REPORTAGE. Le leader populiste profite de son procès à Catane pour s’offrir une tribune politique dans cette région en première ligne de la crise des migrants.
Par Anna Bonalume, envoyée spéciale à Catane
Le 3 octobre, Matteo Salvini sera jugé au tribunal de Catane, en Sicile. Il est accusé d’enlèvement aggravé : au mois de juillet 2019, alors qu’il était ministre de l’Intérieur, il a empêché le débarquement du navire Gregoretti transportant 135 migrants, occasionnant un bras de fer avec l’Union européenne.

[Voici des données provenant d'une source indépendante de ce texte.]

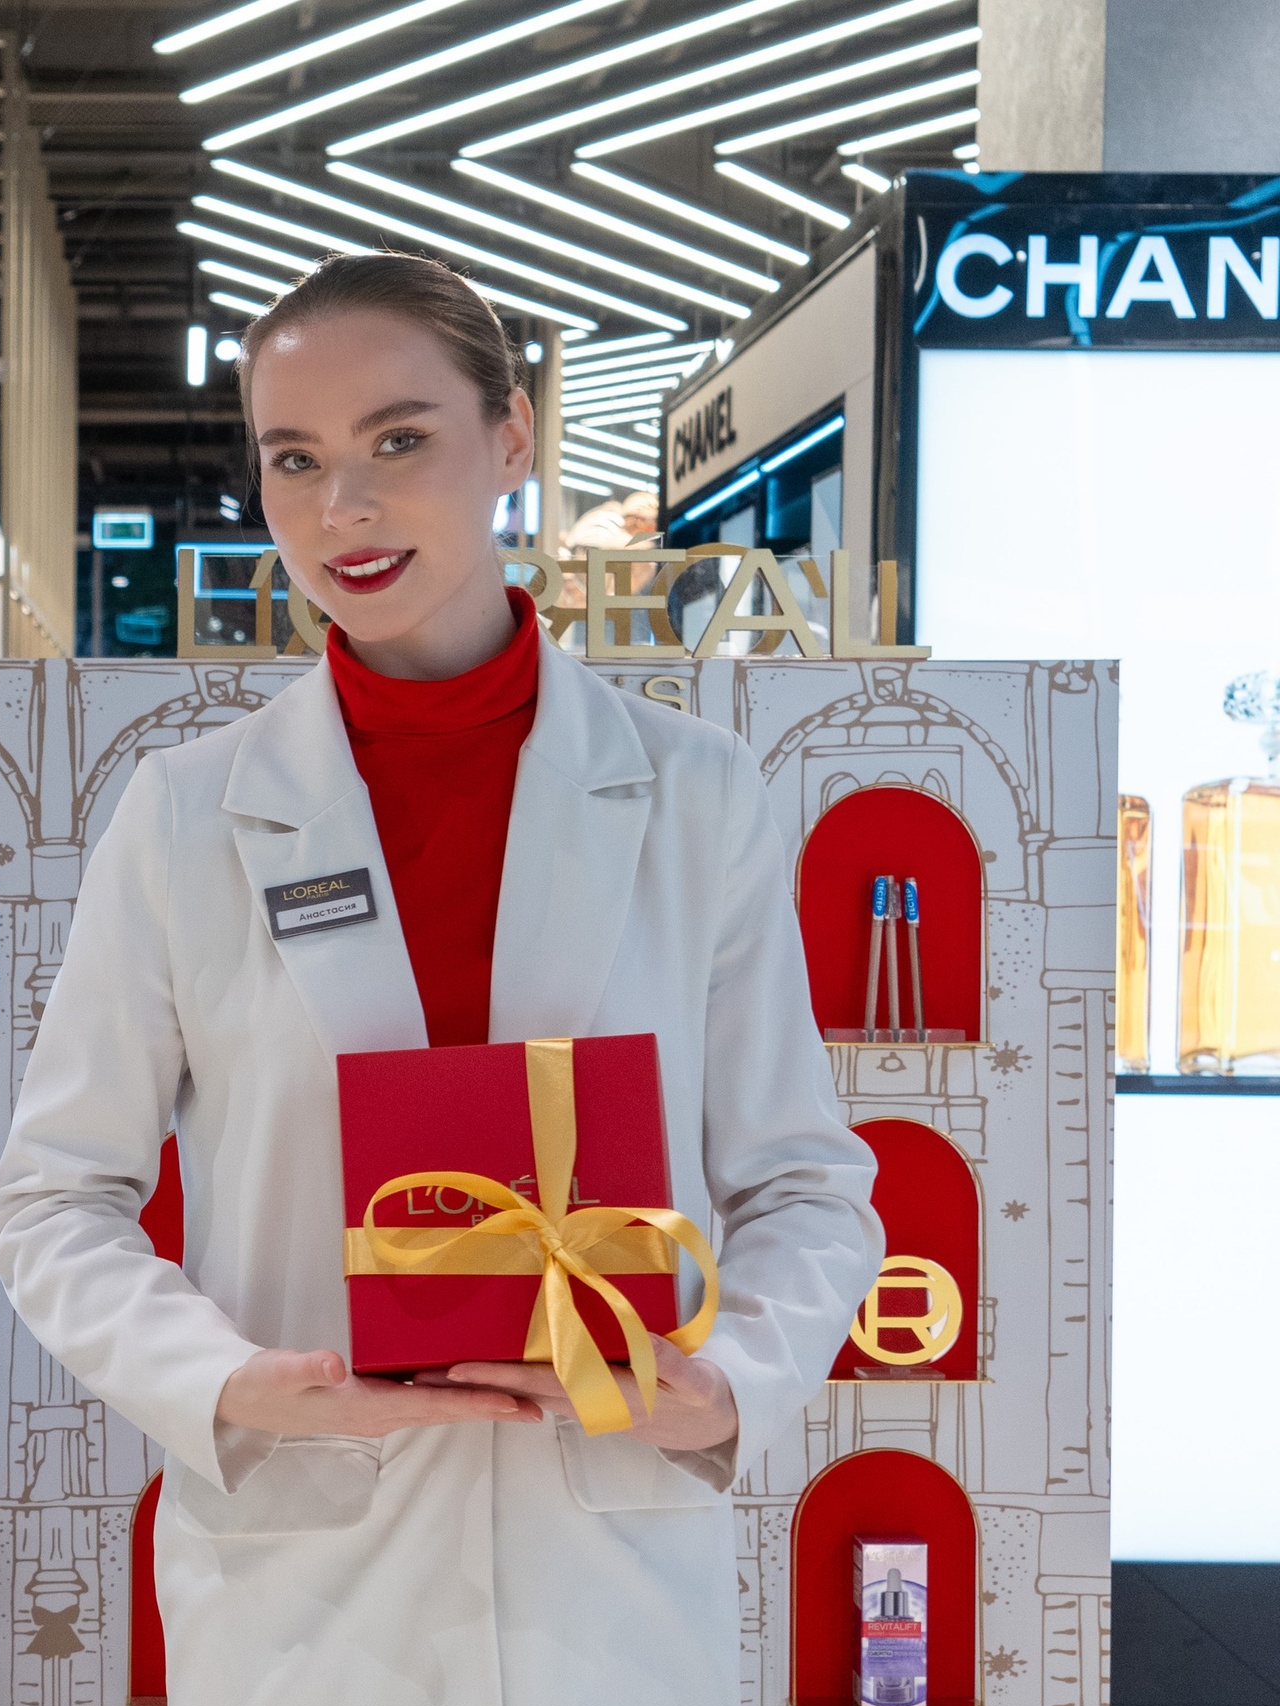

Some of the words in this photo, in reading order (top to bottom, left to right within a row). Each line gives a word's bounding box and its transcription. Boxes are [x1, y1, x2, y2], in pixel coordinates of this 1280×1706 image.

[936, 233, 1280, 319] CHAN
[673, 385, 737, 482] CHANEL
[283, 879, 350, 901] L'ORÉAL
[299, 902, 357, 922] Анастасия
[867, 1622, 918, 1631] REVITALIFT
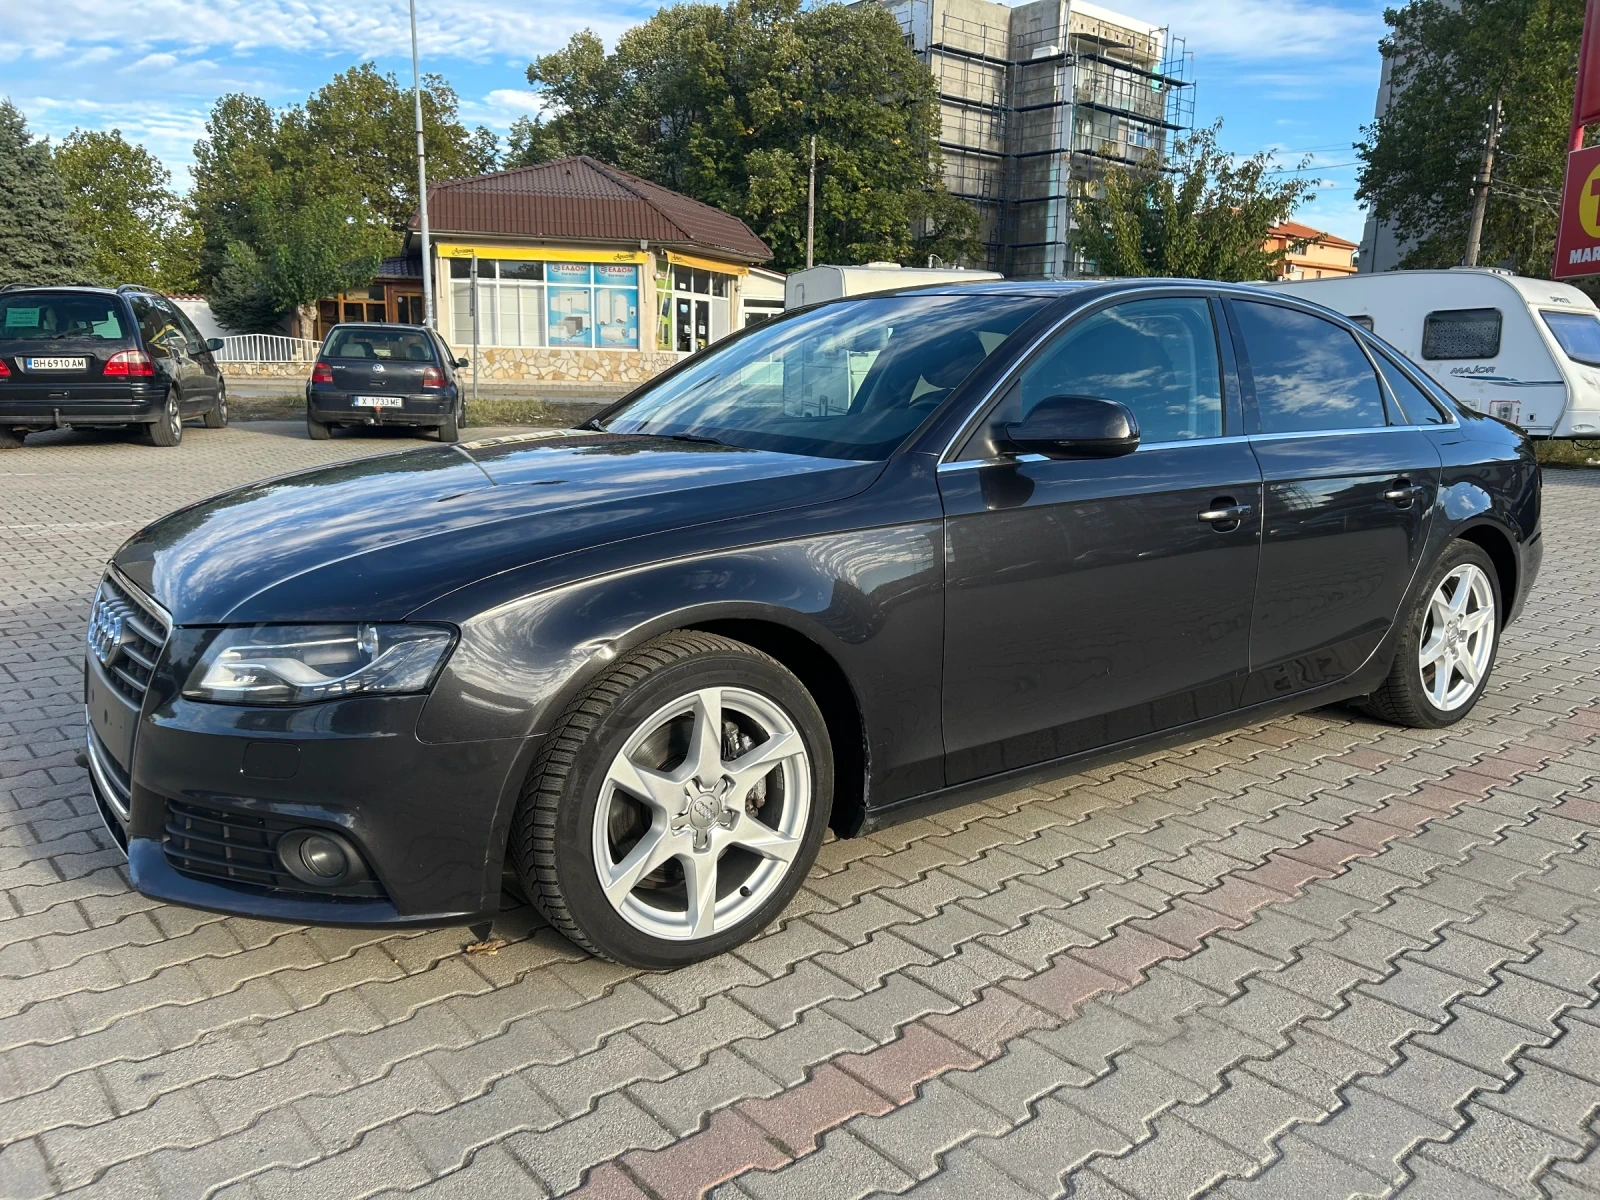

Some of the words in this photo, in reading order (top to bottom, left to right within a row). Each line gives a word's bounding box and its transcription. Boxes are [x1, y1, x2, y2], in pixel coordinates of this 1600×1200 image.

Le 12 février 2020, le Sénat a approuvé la demande de poursuivre le sénateur qui a ainsi perdu son immunité parlementaire.
Pour le leader de la Ligue, ce n’est pas une période heureuse : le procès de Catane intervient juste après sa défaite aux élections en Toscane, sur un fond d’enquêtes visant des collaborateurs et membres de son parti notamment en Lombardie, région maîtresse de la Ligue. Surtout, il est en baisse dans les sondages quand son alliée de droite Giorgia Meloni est à la hausse.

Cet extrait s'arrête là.